Nesse caso, embora tivessem sido registrados, à época, vários protestos e recusas em tal integração, sobretudo por médicos envolvidos, ambas as partes situavam-se no campo da saúde pública, embora alguns lidassem mais com as doenças e outros com a prevenção. Já na implantação das AIS, as distintas ‘vocações’ estavam representadas, de um lado, pelas ações que vinham da Programação em Saúde e buscavam a integração médico-sanitária, pretendendo alçar-se a serviços de um futuro sistema de saúde em geral; e, de outro lado, pela assistência médica individual de cunho curativo dos ambulatórios da medicina previdenciária, os quais não tinham a pretensão de sair do campo da medicina e sua assistência clínica individual.

Assim sendo, na capital, onde havia uma rede maior e mais heterogênea de serviços, com grande presença daquelas vindos da medicina previdenciária, a tendência foi de os serviços rumarem mais em direção a uma assistência médica pontual e fortemente curativa, no que se chamou de pronto atendimento.
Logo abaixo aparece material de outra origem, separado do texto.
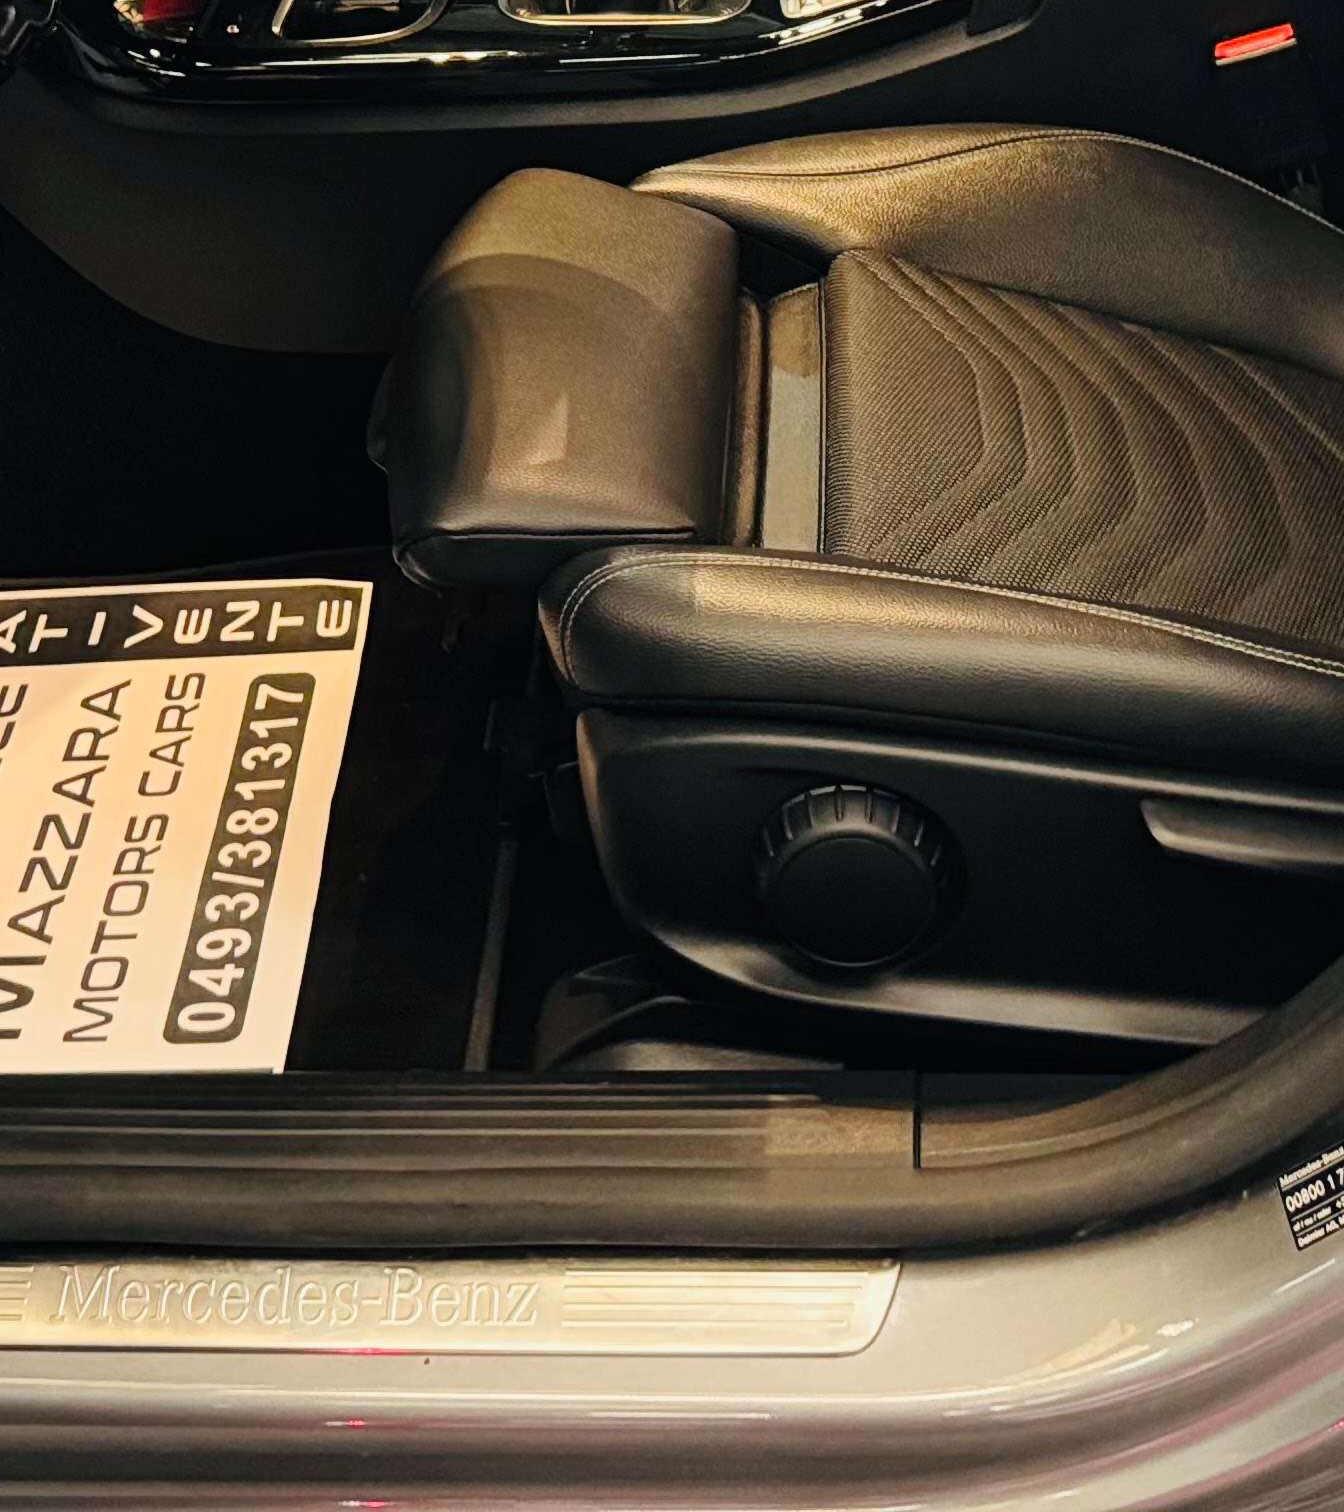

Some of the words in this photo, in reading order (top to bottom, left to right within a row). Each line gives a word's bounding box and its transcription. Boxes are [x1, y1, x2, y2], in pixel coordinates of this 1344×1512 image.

[123, 599, 353, 649] VENTE
[62, 813, 170, 1042] MOTORS
[137, 672, 207, 797] CARS
[177, 683, 306, 1033] 0493/381317
[1285, 1180, 1326, 1213] 00800
[1327, 1173, 1336, 1190] 1
[50, 1264, 541, 1328] Mercedes-Benz
Neste se encontraria uma resposta mais rápida a demandas, nem sempre tão agudas como seria de se supor na noção de um pronto atendimento, mas de rara expectativa de seguimento do caso, e, por isso, um modelo de atenção episódica e muito simplificada. Já nos interiores, que apresentavam maior possibilidade e interesse político local de se estabelecerem os centros de saúde, a tendência foi a de prevalecer o modelo mais aderido ao sanitarismo tradicional em combinação com a Programação em Saúde, qual seja, o de uma assistência bastante preventiva dentro de programas materno-infantis.
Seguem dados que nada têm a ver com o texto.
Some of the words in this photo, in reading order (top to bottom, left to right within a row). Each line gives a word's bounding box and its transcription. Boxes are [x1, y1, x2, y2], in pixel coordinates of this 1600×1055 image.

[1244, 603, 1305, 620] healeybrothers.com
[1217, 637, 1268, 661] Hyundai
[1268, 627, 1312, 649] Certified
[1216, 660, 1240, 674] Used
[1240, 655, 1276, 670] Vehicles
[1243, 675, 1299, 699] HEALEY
De qualquer forma, de um lado, ou de outro, a pretensão da integração médico-sanitária se perderia, justo quando, a partir dos anos 1990, a integralidade tomava parte dos princípios do SUS, cuja implantação, então, sofreria, em São Paulo, resistências de todos os lados, caracterizando-se, nisto, a terceira ordem de questões que embasam a nossa aproximação das particularidades de São Paulo no que diz respeito à emergência e desenvolvimento da Saúde Coletiva. Embora a Saúde Coletiva não se restrinja ao SUS, sua implantação constitui parte significativa de suas apostas técnicas e políticas; e aqui, mais uma vez, a paulistanidade assume uma expressão desafiadora: se, em outras partes do país, o SUS configurou a primeira experiência mais extensiva de rede assistencial pública, em São Paulo, sua implantação precisou enfrentar o desafio de integrar redes já existentes, estruturadas, porém, com lógicas, recursos e culturas institucionais muito diversas.

Em outros termos, frente às redes de tradições assistenciais previamente constituídas e consolidadas, com serviços já em conflito entre si como parte de um mesmo sistema de atenção, o desafio da integralidade centrou-se mais no modelo tecnológico e assistencial a ser implantado nos serviços, do que nas articulações das diferentes instituições presentes no campo da Saúde ou das políticas de atenção e seus programas. Um exemplo dessa situação particular de São Paulo é dado pelo processo de implantação ampliada do programa/estratégia Saúde da Família (PSF) em grandes centros urbanos, a partir da formulação, pelo Ministério da Saúde, em 2003, do Projeto de Expansão e Consolidação da Saúde da Família (PROESF). São Paulo se revelaria, então, um mosaico de unidades básicas de saúde, entre as quais estariam aquelas atuando no modelo PSF, algumas com equipes incompletas, mais assemelhadas a PACS (Programas de Agentes Comunitários de Saúde), e as que persistiriam nas mesclas anteriores de modelos, e que foram então chamadas de unidades convencionais ou, até, tradicionais.

Dessa forma, para o bem e para o mal, São Paulo mostra suas especificidades regionais, ora adiantando-se, ora resistindo às propostas e projetos no âmbito nacional, impondo, à interpretação do desenvolvimento da Saúde Coletiva nas terras bandeirantes, uma vez mais, um olhar atento sobre os fenômenos da “paulistanidade”.